Ottawa: Chancellor Angela Merkel backed the European Central Bank’s insistence on conditions for helping reduce borrowing costs in indebted countries, saying Germany is “in line” with the ECB’s approach to defending the euro.
“Obviously time is pressing” on stamping out the debt crisis, though “on many of these issues we feel we’re on the right track,” Merkel told reporters in Ottawa yesterday at a joint press conference with Canadian Prime Minister Stephen Harper. Euro-area policy makers “feel committed to do everything we can to maintain the common currency.”
Asked about ECB chief Mario Draghi’s announcement that the central bank may return to sovereign bond-buying, Merkel said recent ECB decisions “have made it clear that the European Central Bank is counting on political action in the form of conditionality as the precondition for a positive development of the euro.”
Merkel, facing European pressure to ease bailout terms and allow shared debt as well as calls by global partners to stop contagion, returned to the crisis fight after her summer vacation, using the trip to Canada to make her first public comments on the turmoil in a month. She hailed Canada’s budget and debt discipline as a model for the 17-nation euro area.
Draghi said August 2 that the ECB might buy government bonds to help lower borrowing costs in countries such as Spain and Italy, though only in return for strict conditions and if governments act first by buying bonds through Europe’s bailout funds. Spain and Italy have yet to say whether they will request aid.
“It is becoming clear that the ECB purchases have to be conditional on the implementation of austerity and structural reform measures in that country,” Citigroup Global Markets analysts led by Juergen Michels said in a note to clients.
Merkel returns to the global stage as the crisis enters a new phase. Germany’s supreme court will rule on the legality of Europe’s permanent rescue fund next month, when Greece’s international creditors are due to report on progress in meeting bailout targets. Draghi said the ECB will thrash out the details of its bond-buying proposals by then.

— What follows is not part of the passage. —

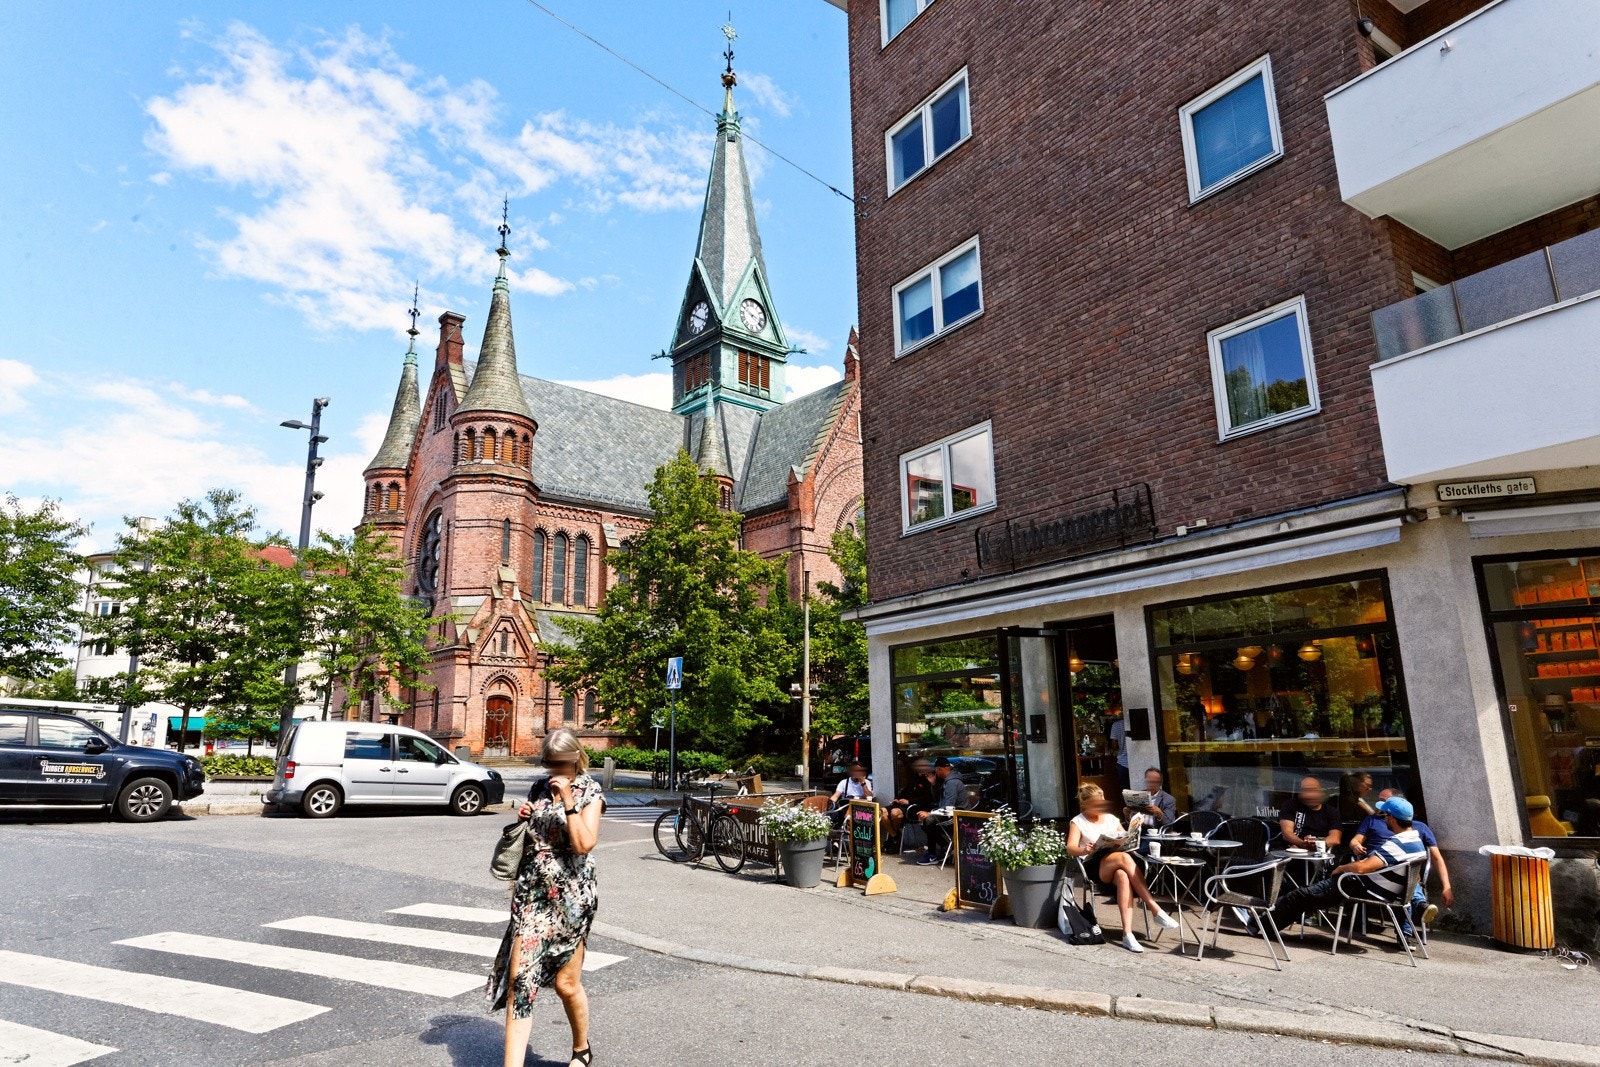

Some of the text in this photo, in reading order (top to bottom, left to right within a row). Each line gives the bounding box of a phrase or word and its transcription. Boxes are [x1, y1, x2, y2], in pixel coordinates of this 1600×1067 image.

[1445, 481, 1529, 497] Stockfleths gate
[1256, 805, 1280, 817] Kaffebr
[747, 844, 769, 858] KAFFE

Merkel steps up her crisis-fighting diplomacy next week, when she is due to host French President Francois Hollande August 23, Paris-based Agence France-Presse reported, one day before Greek Prime Minister Antonis Samaras visits Berlin for talks. Italian media reported that Prime Minister Mario Monti is due in the German capital on August 29, while Spanish Prime Minister Mariano Rajoy has said that Merkel will visit Madrid on September 6.

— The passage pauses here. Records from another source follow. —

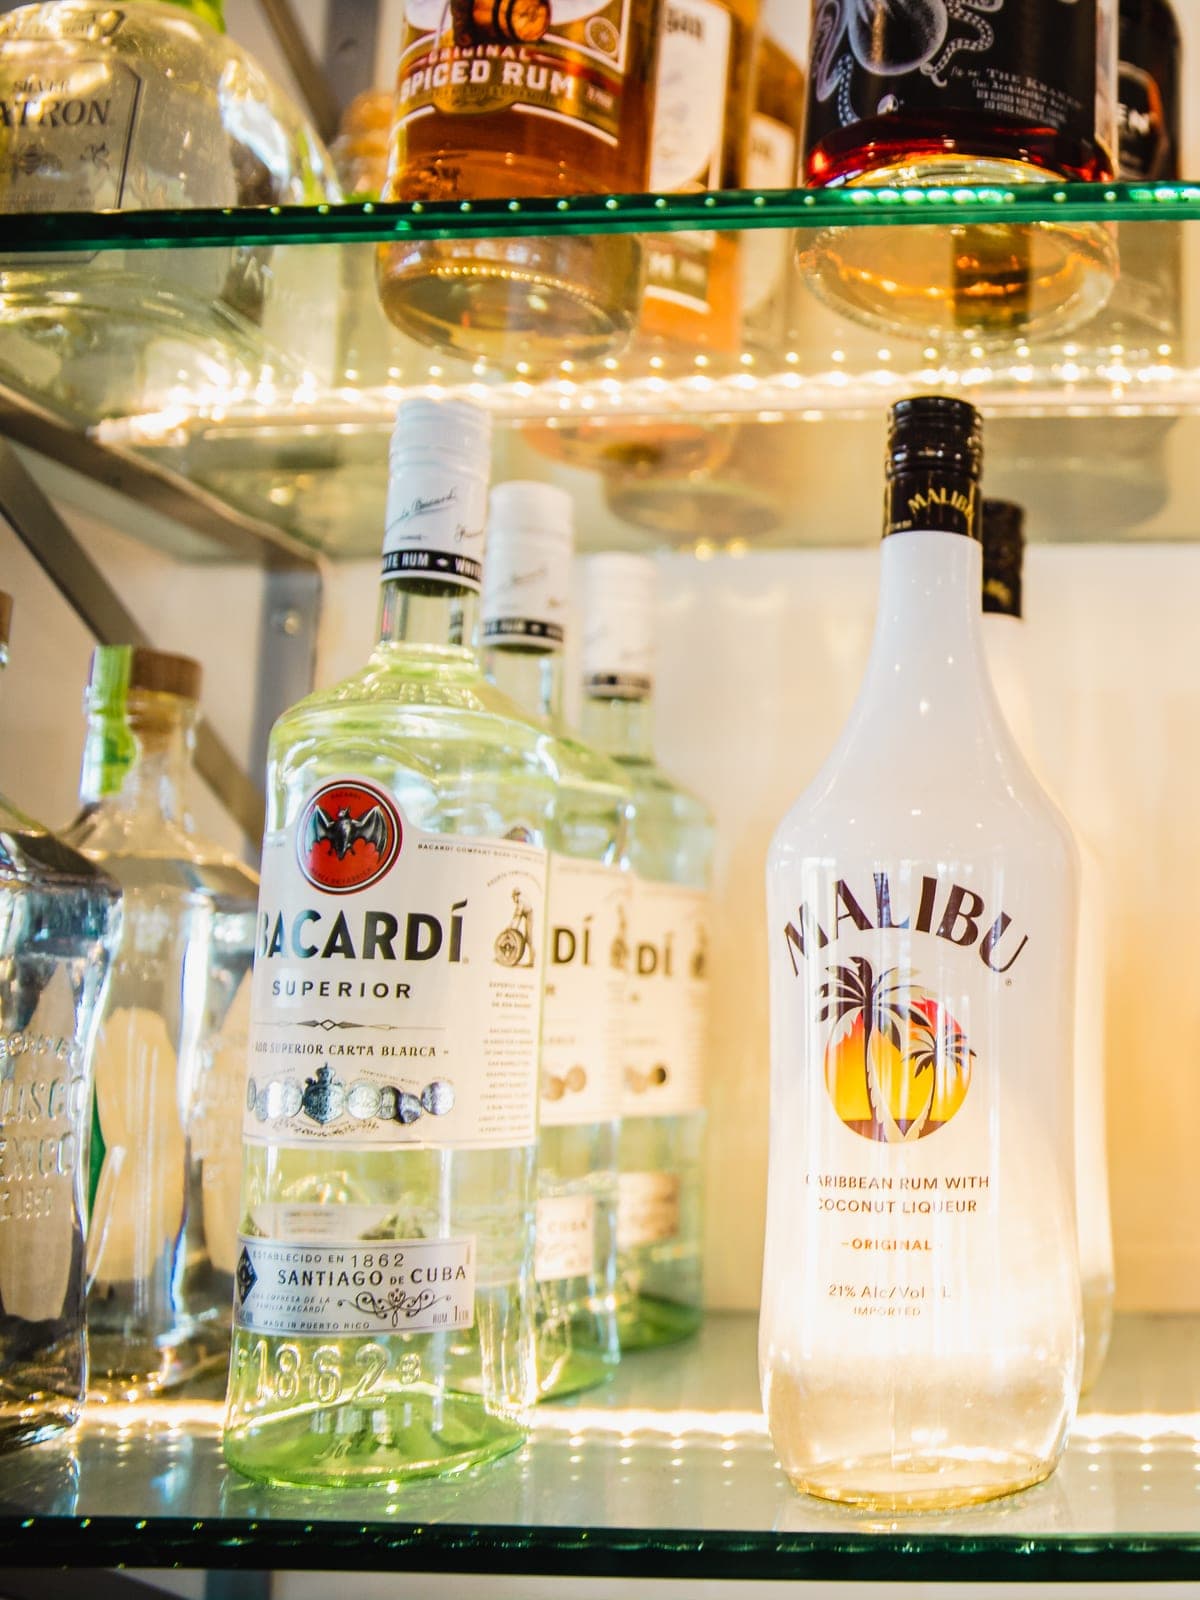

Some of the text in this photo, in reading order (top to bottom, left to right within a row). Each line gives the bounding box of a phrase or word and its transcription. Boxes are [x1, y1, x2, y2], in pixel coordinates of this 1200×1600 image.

[400, 60, 491, 104] SPICED
[502, 61, 575, 100] RUM
[402, 552, 429, 568] RUM
[784, 872, 1029, 977] MALIBU
[272, 980, 412, 999] SUPERIOR
[270, 1042, 324, 1055] SUPERIOR
[328, 1044, 374, 1057] CARTA
[381, 1045, 436, 1057] BLANCA
[806, 1174, 989, 1190] RIBBEAN RUM WITH
[902, 1200, 977, 1214] LIQUEUR
[253, 1250, 405, 1268] ESTABLECIDO EN 1862
[278, 1265, 466, 1287] SANTIAGO DE CUBA
[829, 1284, 856, 1298] 21%
[861, 1285, 925, 1299] Alc/Vol
[300, 1320, 339, 1329] PUERTO
[344, 1319, 370, 1329] RICO

As leader of Europe’s largest economy and the biggest single contributor to euro-region bailouts, Merkel is facing calls from Italy and Spain to pool debt to bring down bond yields, from Greece to back an easing of its austerity timetable and from the ECB for politicians to take the lead in fighting the crisis. She also faces domestic pressure from her coalition partners to refuse any more aid for Greece.
Italian 10-year bond yields advanced 3 basis points to 5.78 per cent yesterday, while equivalent Spanish debt fell 11 basis points to 6.50 per cent. Spanish 10-year bond yields reached a euro-era high of 7.62 per cent on July 24, beyond the threshold that prompted Greece, Portugal and Ireland to seek bailouts. German 10-year bonds yielded 1.53 per cent.

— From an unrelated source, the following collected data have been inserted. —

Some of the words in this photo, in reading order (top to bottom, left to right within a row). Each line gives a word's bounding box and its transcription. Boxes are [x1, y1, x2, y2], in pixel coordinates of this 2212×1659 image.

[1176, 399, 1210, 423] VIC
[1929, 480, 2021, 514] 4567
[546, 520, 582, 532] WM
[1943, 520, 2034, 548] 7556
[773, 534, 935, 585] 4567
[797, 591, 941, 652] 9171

Harper, who met with Merkel on August 15 and again yesterday, said “there are additional things that have to be done” by European policy makers. “I have great confidence in the chancellor’s leadership,” he said.
“We have great confidence in our European friends,” Harper said. “My experience has been the vast number of them are seized with the scale of the challenge and with the range of options that have to be considered.”
Even so, Greece, on its second rescue program after triggering the crisis in late 2009, may run out of road at the end of the year. Samaras’s government probably can’t come up with enough austerity measures even if creditors extend the time line as his coalition wants, according to the Citigroup note. That means an end to international funding “looks very likely” after the next audit set for December, it said.
Europeans “need to do much more,” Canadian Finance Minister Jim Flaherty told reporters two days ago. “We have been clear for several years that not only should the European countries take overwhelming concerted action to take control of the situation, but also that the European countries have more than adequate resources to do so.”
Harper offered Merkel a barbecue featuring elk meat upon her arrival, Canada’s CTV news channel reported on its website. Merkel, a physicist by training, was due to visit an ocean research centre in Halifax later on Friday on her trip back to Berlin.
German business leaders accompanying the chancellor included the chief executives of BASF SE, the world’s largest chemical maker, ThyssenKrupp Marine Systems and K+S Group, which is involved in mining potash in Saskatchewan, CTV reported.